Message ID	1422288186-28168-3-git-send-email-mika.kuoppala@intel.com (mailing list archive)
State	New, archived
Headers	show Return-Path: <intel-gfx-bounces@lists.freedesktop.org> From: Mika Kuoppala <mika.kuoppala@linux.intel.com> To: intel-gfx@lists.freedesktop.org Date: Mon, 26 Jan 2015 18:03:05 +0200 Message-Id: <1422288186-28168-3-git-send-email-mika.kuoppala@intel.com> In-Reply-To: <1422288186-28168-1-git-send-email-mika.kuoppala@intel.com> References: <1422288186-28168-1-git-send-email-mika.kuoppala@intel.com> Subject: [Intel-gfx] [PATCH 3/4] drm/i915: Remove nested work in gpu error handling Precedence: list MIME-Version: 1.0 Content-Type: text/plain; charset="utf-8" Content-Transfer-Encoding: base64 Errors-To: intel-gfx-bounces@lists.freedesktop.org Sender: "Intel-gfx" <intel-gfx-bounces@lists.freedesktop.org>

Message ID

1422288186-28168-3-git-send-email-mika.kuoppala@intel.com (mailing list archive)

State

New, archived

Headers

From: Mika Kuoppala <mika.kuoppala@linux.intel.com>
To: intel-gfx@lists.freedesktop.org
Date: Mon, 26 Jan 2015 18:03:05 +0200
Message-Id: <1422288186-28168-3-git-send-email-mika.kuoppala@intel.com>
In-Reply-To: <1422288186-28168-1-git-send-email-mika.kuoppala@intel.com>
References: <1422288186-28168-1-git-send-email-mika.kuoppala@intel.com>
Subject: [Intel-gfx] [PATCH 3/4] drm/i915: Remove nested work in gpu error
	handling
Precedence: list
MIME-Version: 1.0
Content-Type: text/plain; charset="utf-8"
Content-Transfer-Encoding: base64
Errors-To: intel-gfx-bounces@lists.freedesktop.org
Sender: "Intel-gfx" <intel-gfx-bounces@lists.freedesktop.org>

Commit Message

Mika Kuoppala Jan. 26, 2015, 4:03 p.m.

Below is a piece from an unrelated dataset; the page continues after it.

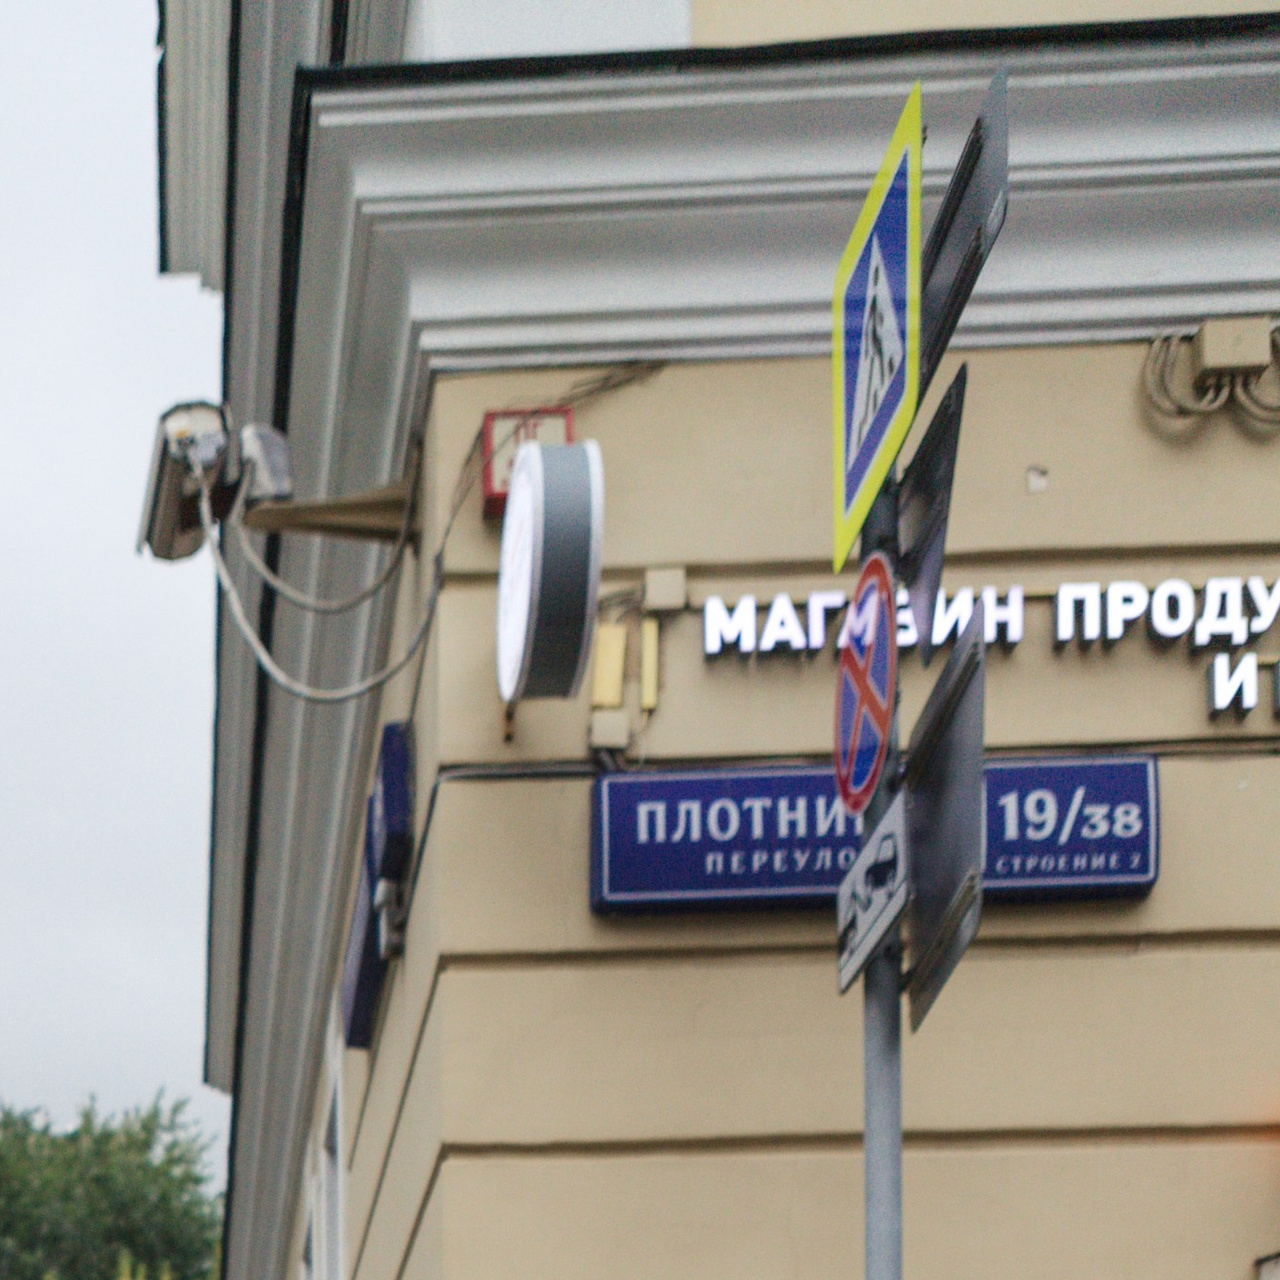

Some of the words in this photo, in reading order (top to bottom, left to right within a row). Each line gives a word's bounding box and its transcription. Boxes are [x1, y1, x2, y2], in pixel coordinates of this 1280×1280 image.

UTC

Now when we declare gpu errors only through our own dedicated
hangcheck workqueue there is no need to have a separate workqueue
for handling the resetting and waking up the clients as the deadlock
concerns are no more.

The only exception is i915_debugfs::i915_set_wedged, which triggers
error handling through process context. However as this is only used through
test harness it is responsibility for test harness not to introduce hangs
through both debug interface and through hangcheck mechanism at the same time.

Remove gpu_error.work and let the hangcheck work do the tasks it used to.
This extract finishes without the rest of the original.